There’s about a million more things I want to say on this subject but it’s 1:42 am here and I am dead tired. I will explain any confusing points later in more detail.

How can one fear what is not known or even knowable? That’s an oddity of human thought that I have no answer for, in any respect.

What I live for?

There is nothing to live “for”, I live because of my children, they are both my mortality and my immortality. I fear their death, but my own is meaningless; my only purpose for continuance is that they do well, I’m just a sometimes useful tool to their ends.

Wasn’t it Buddha who believed that to spend one’s time concerned about what would happen to them after they died was pointless because there is no way for us to know what’s going to happen to us? I believe it was something like finding out then rather than worrying about it now.
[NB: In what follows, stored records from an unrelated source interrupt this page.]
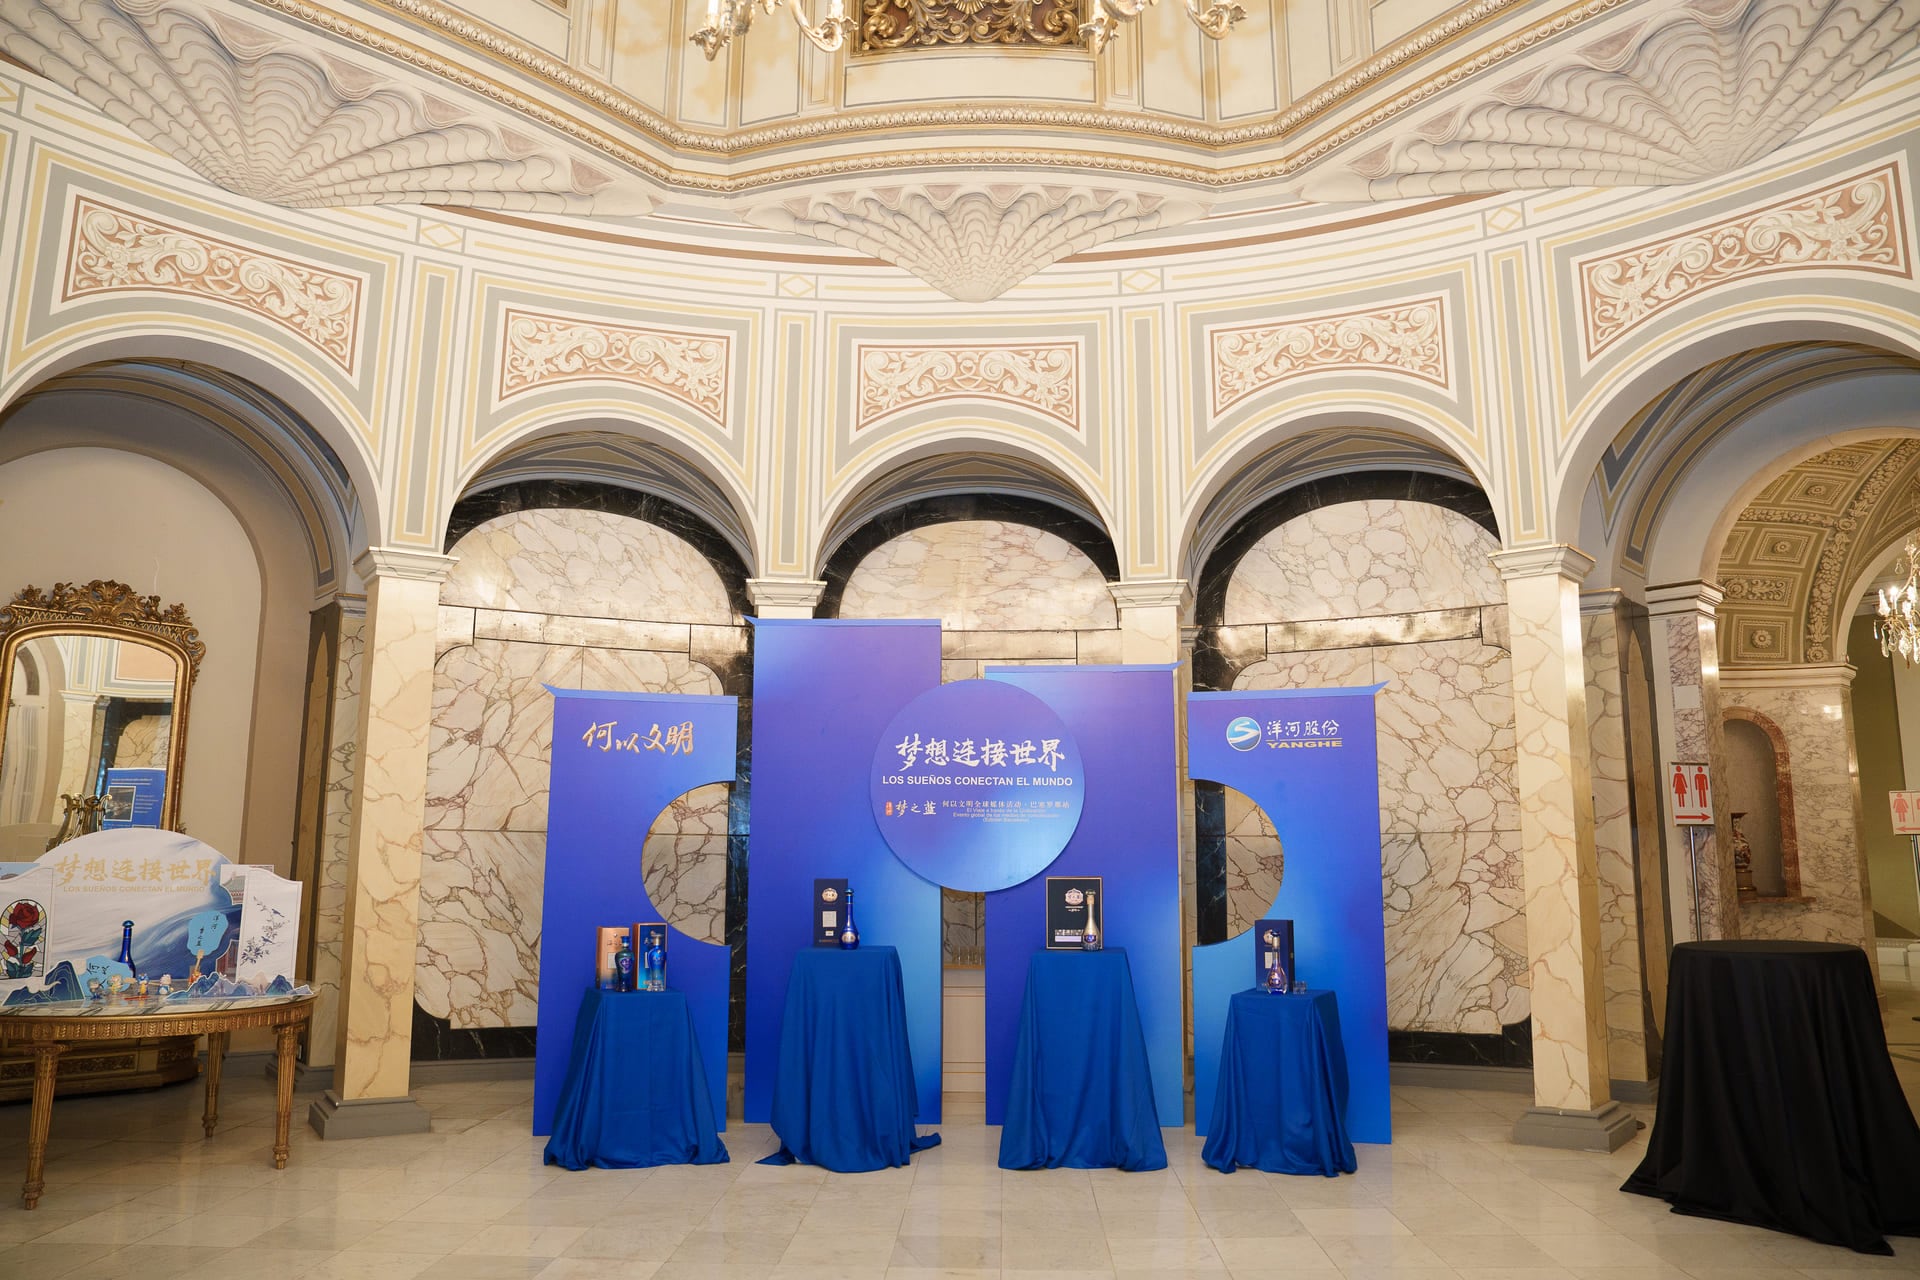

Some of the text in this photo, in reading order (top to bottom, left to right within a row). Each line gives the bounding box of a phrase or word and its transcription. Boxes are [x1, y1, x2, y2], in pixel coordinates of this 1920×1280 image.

[582, 720, 694, 756] 何以文明
[1266, 719, 1340, 741] 洋河股份
[895, 732, 1066, 773] 梦想连接世界
[1267, 741, 1343, 749] YANGHE
[882, 774, 1073, 787] LOS SUEÑOS CONECTAN EL MUNDO
[895, 799, 937, 818] 梦之蓝
[54, 852, 216, 887] 梦想连接世界
[63, 885, 80, 893] LOS
[119, 885, 162, 893] CONECTAN
I’m not an atheist, but I still don’t claim to know what’s going to happen to me when I die. I cope with this by concentrating on living, and I live for myself.
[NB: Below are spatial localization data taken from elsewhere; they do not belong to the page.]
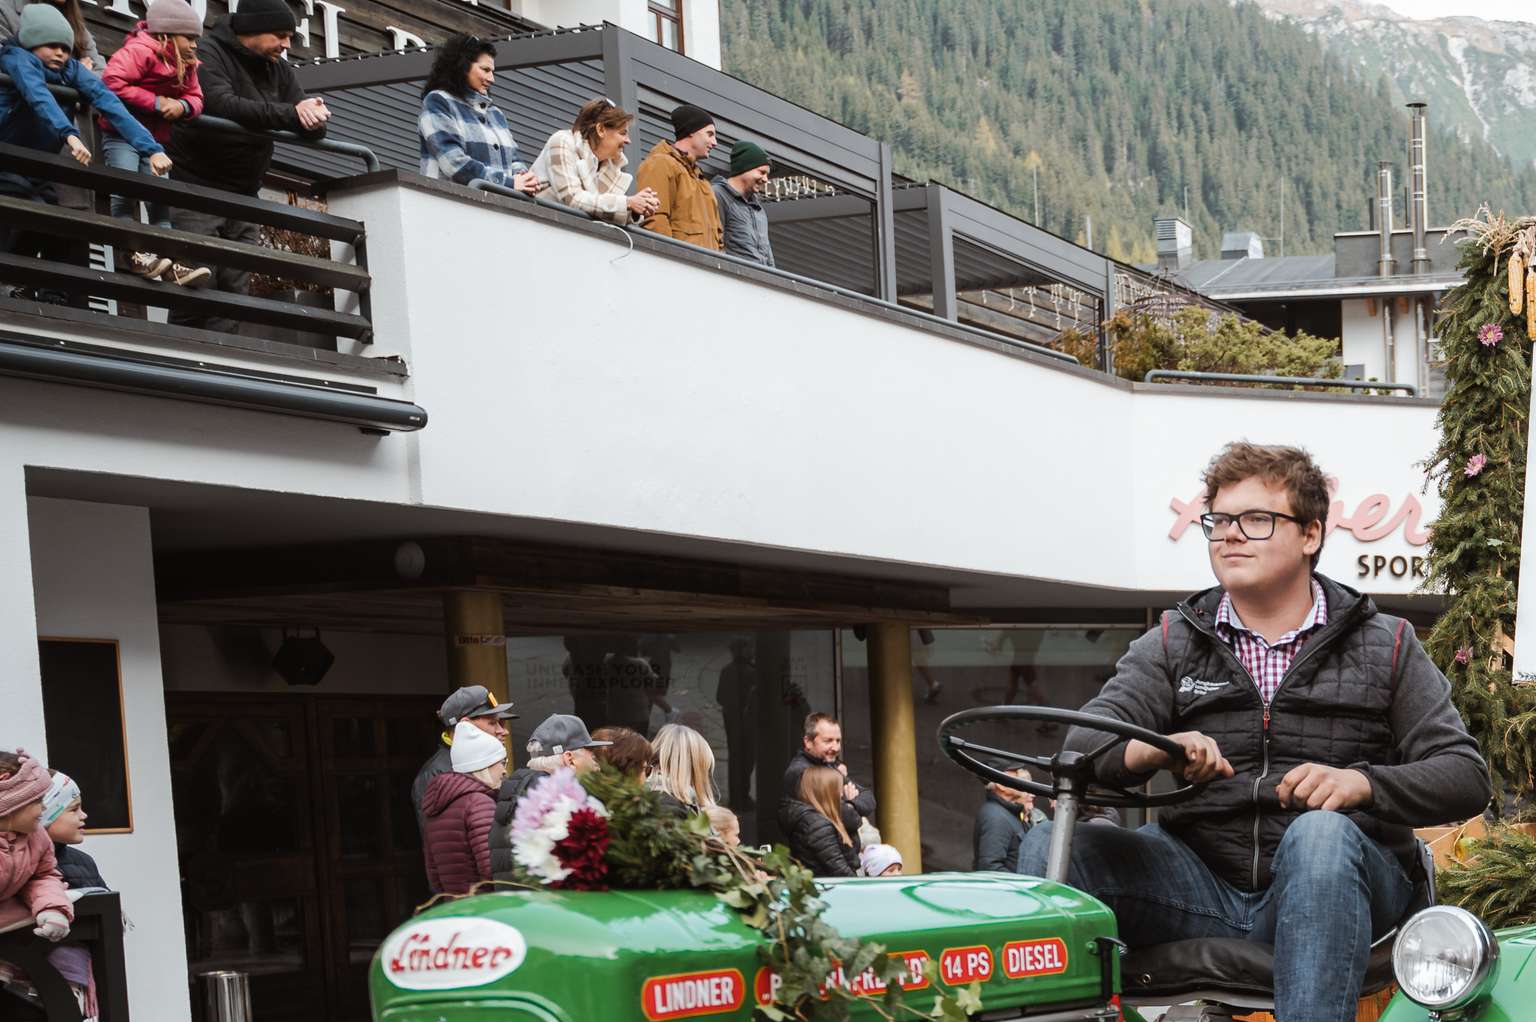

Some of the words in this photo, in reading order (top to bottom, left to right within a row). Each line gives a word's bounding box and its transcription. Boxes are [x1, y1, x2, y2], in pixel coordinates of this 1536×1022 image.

[1358, 554, 1425, 578] SPOR
[390, 931, 513, 973] Lindner
[653, 976, 735, 1014] LINDNER
[943, 954, 962, 979] 14
[967, 952, 990, 976] PS
[1008, 943, 1064, 974] DIESEL
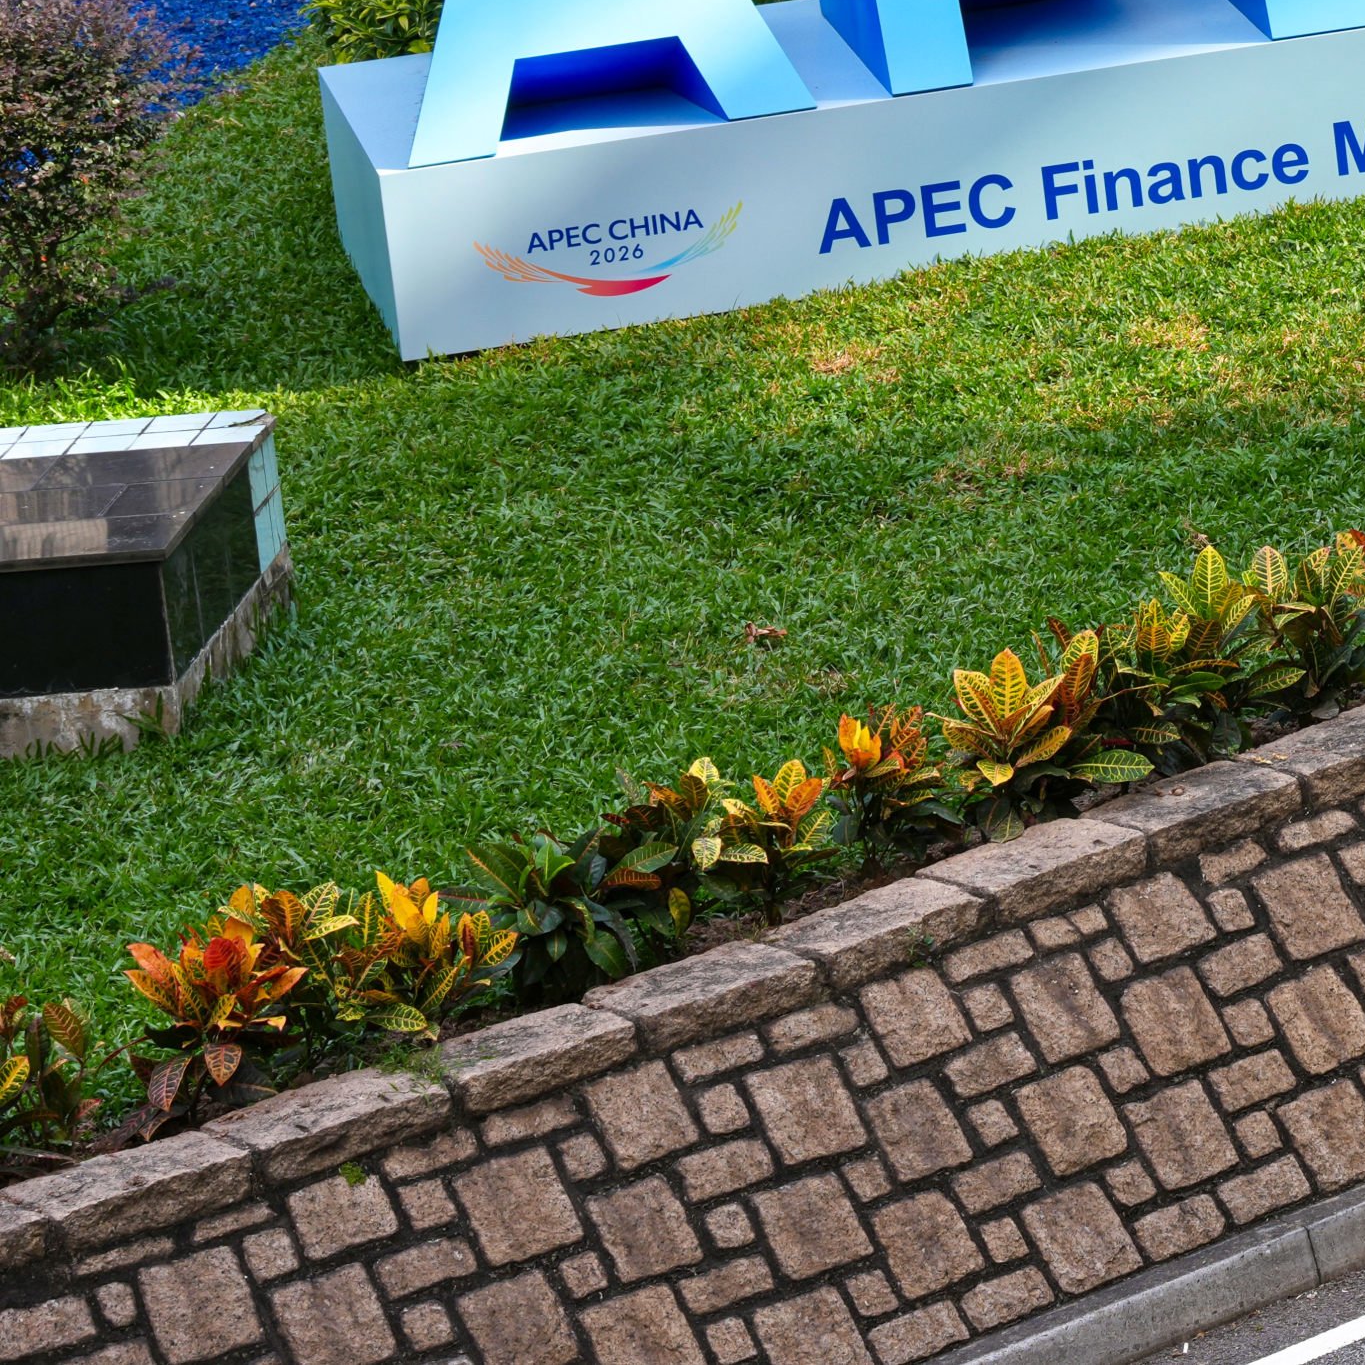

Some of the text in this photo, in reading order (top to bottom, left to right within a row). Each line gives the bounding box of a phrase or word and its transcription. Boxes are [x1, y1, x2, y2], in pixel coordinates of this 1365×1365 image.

  1. I zoom out (as I call it), i.e., I appreciate the relative insignificance of my life. When you realise how little your life matters in the grand scheme, you realise how insignificant your death is. It’s a surprising comfort, atcherly.

  2. Experience.

If you’re anything like me, in that you remember so few dreams you’d swear you don’t have them, you pretty much head into a dark place where you cease to exist whenever you go to sleep. What is existence but your ability to perceive your environment? I’m not consciously doing anything as I sleep and since I can’t remember subconsciously doing anything, it becomes irrelevant. For all intents and purposes, I may as well not exist during those hours. I see death as much the same way. I suppose you could say I “die” every night?

lol, ditto!
I’ve never heard it put quite that way.

Further…if that’s what death is like, then those moments before death…man, those are going to be just euphorically golden if my state before dropping off into sleep is any comparison!